Activity: Only the text of the records, copied exactly, is wanted; no pictures.

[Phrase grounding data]
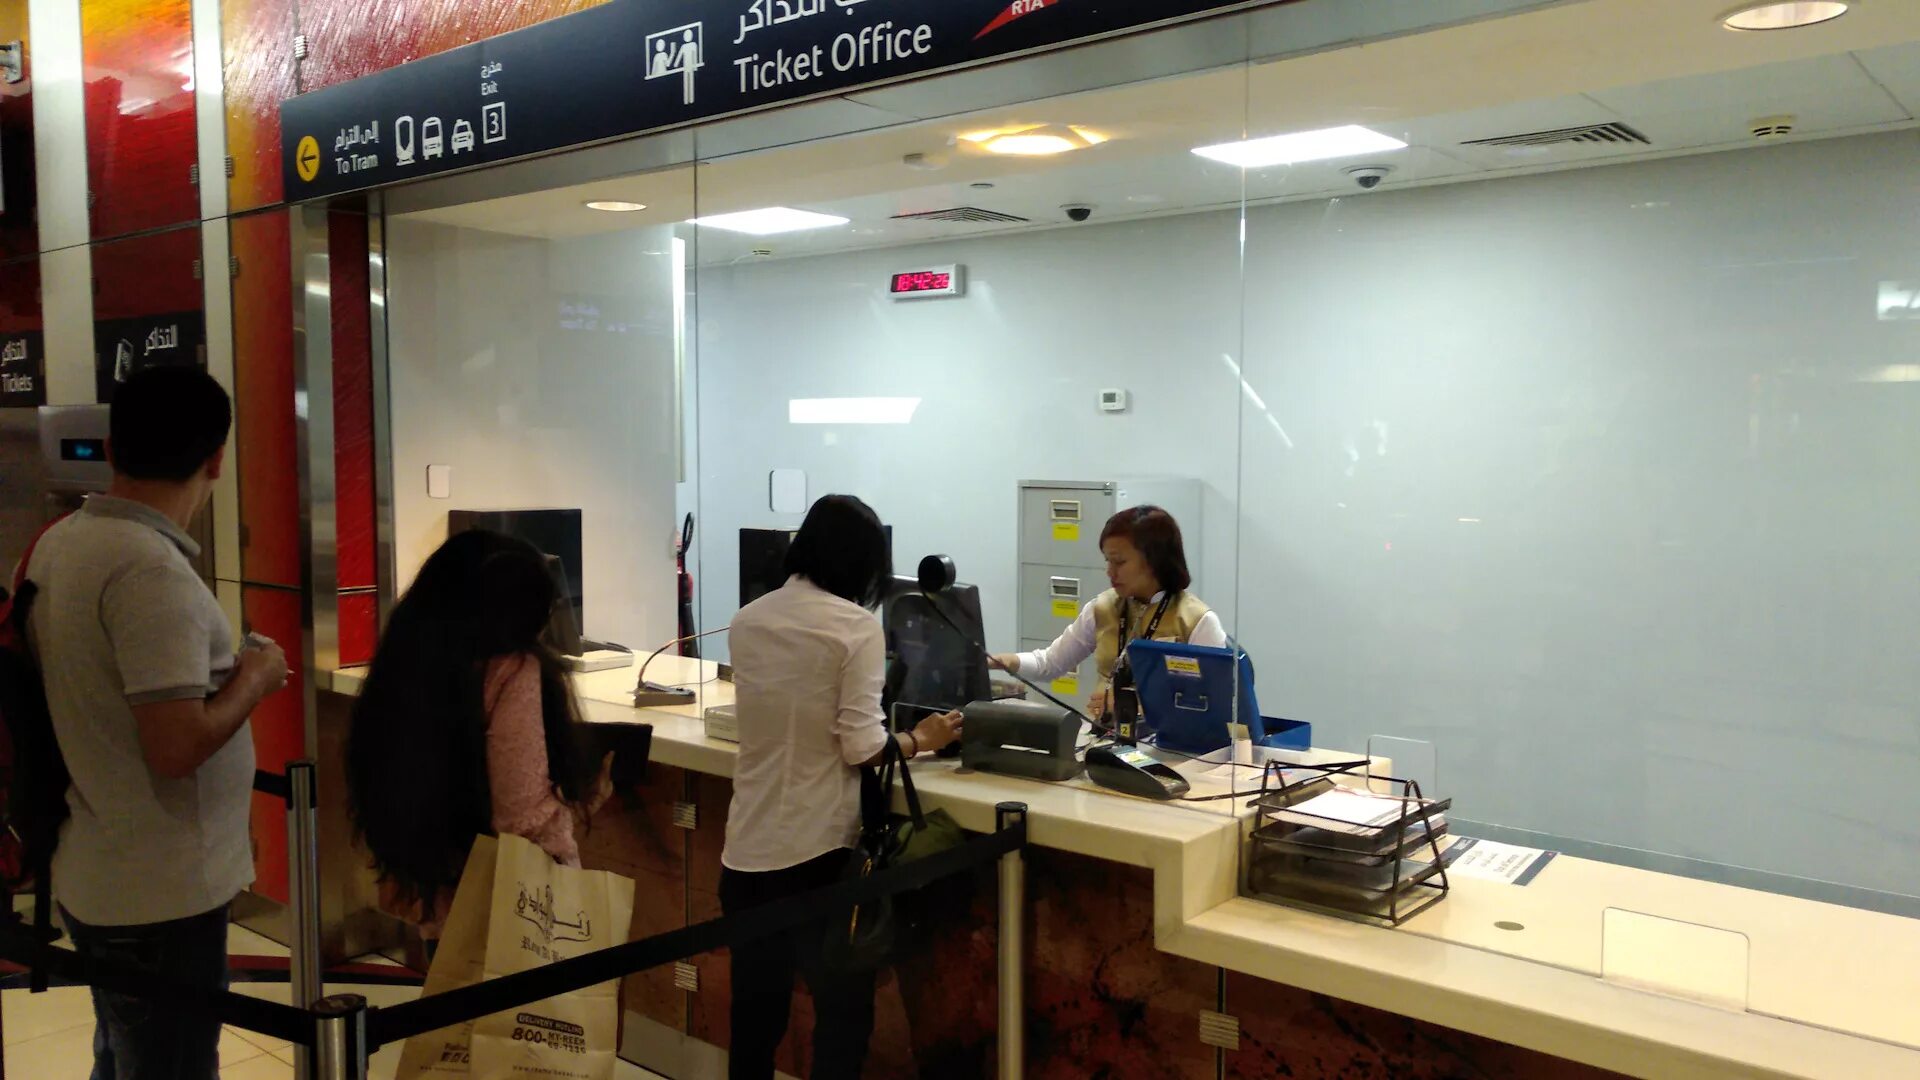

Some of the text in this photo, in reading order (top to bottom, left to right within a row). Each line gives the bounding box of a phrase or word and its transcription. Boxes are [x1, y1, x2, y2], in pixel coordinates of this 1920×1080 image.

[1011, 0, 1045, 15] RTA
[733, 20, 932, 93] Ticket Office
[480, 61, 503, 79] مخرج
[480, 80, 499, 96] Exit
[489, 111, 500, 135] 3
[335, 154, 379, 175] To Tram
[143, 324, 179, 357] التذاكر
[1, 373, 34, 393] Tickets

Solution to the exercise:
Some of the text in this photo, in reading order (top to bottom, left to right within a row). Each line gives the bounding box of a phrase or word and its transcription. Boxes are [x1, y1, x2, y2], in pixel coordinates of this 1920×1080 image.

[1011, 0, 1045, 15] RTA
[733, 20, 932, 93] Ticket Office
[480, 61, 503, 79] مخرج
[480, 80, 499, 96] Exit
[489, 111, 500, 135] 3
[335, 154, 379, 175] To Tram
[143, 324, 179, 357] التذاكر
[1, 373, 34, 393] Tickets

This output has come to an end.